> _ASSIGNMENT_
Your task is to write out exactly the lines from the line containing "this 2420×1512 image." through the end of the records, inclusive at both ends.

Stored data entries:

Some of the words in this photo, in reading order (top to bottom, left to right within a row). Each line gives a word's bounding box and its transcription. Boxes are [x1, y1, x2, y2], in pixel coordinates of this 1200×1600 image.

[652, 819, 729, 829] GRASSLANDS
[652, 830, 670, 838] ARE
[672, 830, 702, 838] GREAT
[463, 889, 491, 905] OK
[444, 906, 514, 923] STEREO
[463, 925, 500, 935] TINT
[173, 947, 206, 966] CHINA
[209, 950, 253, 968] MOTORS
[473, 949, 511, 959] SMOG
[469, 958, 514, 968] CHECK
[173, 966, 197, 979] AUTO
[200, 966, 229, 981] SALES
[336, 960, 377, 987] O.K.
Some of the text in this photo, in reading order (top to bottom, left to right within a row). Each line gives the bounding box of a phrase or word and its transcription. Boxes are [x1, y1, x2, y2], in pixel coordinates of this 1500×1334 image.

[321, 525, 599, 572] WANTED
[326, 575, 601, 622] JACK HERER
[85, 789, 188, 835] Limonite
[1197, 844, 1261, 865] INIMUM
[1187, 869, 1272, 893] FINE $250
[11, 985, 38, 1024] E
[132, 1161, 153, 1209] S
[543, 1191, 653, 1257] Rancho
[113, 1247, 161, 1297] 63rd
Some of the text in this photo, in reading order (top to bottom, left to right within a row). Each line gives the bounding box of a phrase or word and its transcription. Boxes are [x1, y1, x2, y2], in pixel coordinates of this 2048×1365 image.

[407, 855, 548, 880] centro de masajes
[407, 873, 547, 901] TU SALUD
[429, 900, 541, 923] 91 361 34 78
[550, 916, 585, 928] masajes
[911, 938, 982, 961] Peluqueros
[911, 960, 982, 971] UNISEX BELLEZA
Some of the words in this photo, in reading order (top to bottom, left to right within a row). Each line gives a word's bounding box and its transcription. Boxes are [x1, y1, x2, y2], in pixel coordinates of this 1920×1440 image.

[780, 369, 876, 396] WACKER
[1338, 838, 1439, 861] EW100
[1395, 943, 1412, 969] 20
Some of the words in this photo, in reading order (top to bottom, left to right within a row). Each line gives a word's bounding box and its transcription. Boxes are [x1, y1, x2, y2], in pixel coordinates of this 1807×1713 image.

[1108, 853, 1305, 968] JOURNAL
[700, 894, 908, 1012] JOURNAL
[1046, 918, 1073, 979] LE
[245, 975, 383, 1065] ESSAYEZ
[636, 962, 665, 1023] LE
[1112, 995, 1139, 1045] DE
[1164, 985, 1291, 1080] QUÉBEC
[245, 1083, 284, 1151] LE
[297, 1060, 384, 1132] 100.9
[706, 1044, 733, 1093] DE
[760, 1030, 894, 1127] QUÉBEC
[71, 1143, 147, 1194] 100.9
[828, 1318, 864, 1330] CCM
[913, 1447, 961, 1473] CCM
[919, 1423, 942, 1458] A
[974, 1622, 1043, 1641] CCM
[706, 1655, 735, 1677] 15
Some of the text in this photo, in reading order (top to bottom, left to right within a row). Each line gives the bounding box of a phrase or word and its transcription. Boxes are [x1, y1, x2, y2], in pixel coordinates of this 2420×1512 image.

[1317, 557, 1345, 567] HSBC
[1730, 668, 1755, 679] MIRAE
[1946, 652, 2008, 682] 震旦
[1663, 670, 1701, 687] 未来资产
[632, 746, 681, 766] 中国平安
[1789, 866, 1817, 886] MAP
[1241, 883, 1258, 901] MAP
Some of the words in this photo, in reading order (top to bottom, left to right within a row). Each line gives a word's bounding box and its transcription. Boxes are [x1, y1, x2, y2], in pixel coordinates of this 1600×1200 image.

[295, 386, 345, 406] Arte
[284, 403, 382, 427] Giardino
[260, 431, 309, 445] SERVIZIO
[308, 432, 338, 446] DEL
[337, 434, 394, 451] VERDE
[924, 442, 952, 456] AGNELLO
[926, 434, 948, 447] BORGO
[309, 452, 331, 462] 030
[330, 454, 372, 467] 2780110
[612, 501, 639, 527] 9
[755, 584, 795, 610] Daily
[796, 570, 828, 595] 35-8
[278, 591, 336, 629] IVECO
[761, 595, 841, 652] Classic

> _SOLUTION TO THE EXERCISE_
Some of the text in this photo, in reading order (top to bottom, left to right within a row). Each line gives the bounding box of a phrase or word and its transcription. Boxes are [x1, y1, x2, y2], in pixel coordinates of this 2420×1512 image.

[1317, 557, 1345, 567] HSBC
[1730, 668, 1755, 679] MIRAE
[1946, 652, 2008, 682] 震旦
[1663, 670, 1701, 687] 未来资产
[632, 746, 681, 766] 中国平安
[1789, 866, 1817, 886] MAP
[1241, 883, 1258, 901] MAP
Some of the words in this photo, in reading order (top to bottom, left to right within a row). Each line gives a word's bounding box and its transcription. Boxes are [x1, y1, x2, y2], in pixel coordinates of this 1600×1200 image.

[295, 386, 345, 406] Arte
[284, 403, 382, 427] Giardino
[260, 431, 309, 445] SERVIZIO
[308, 432, 338, 446] DEL
[337, 434, 394, 451] VERDE
[924, 442, 952, 456] AGNELLO
[926, 434, 948, 447] BORGO
[309, 452, 331, 462] 030
[330, 454, 372, 467] 2780110
[612, 501, 639, 527] 9
[755, 584, 795, 610] Daily
[796, 570, 828, 595] 35-8
[278, 591, 336, 629] IVECO
[761, 595, 841, 652] Classic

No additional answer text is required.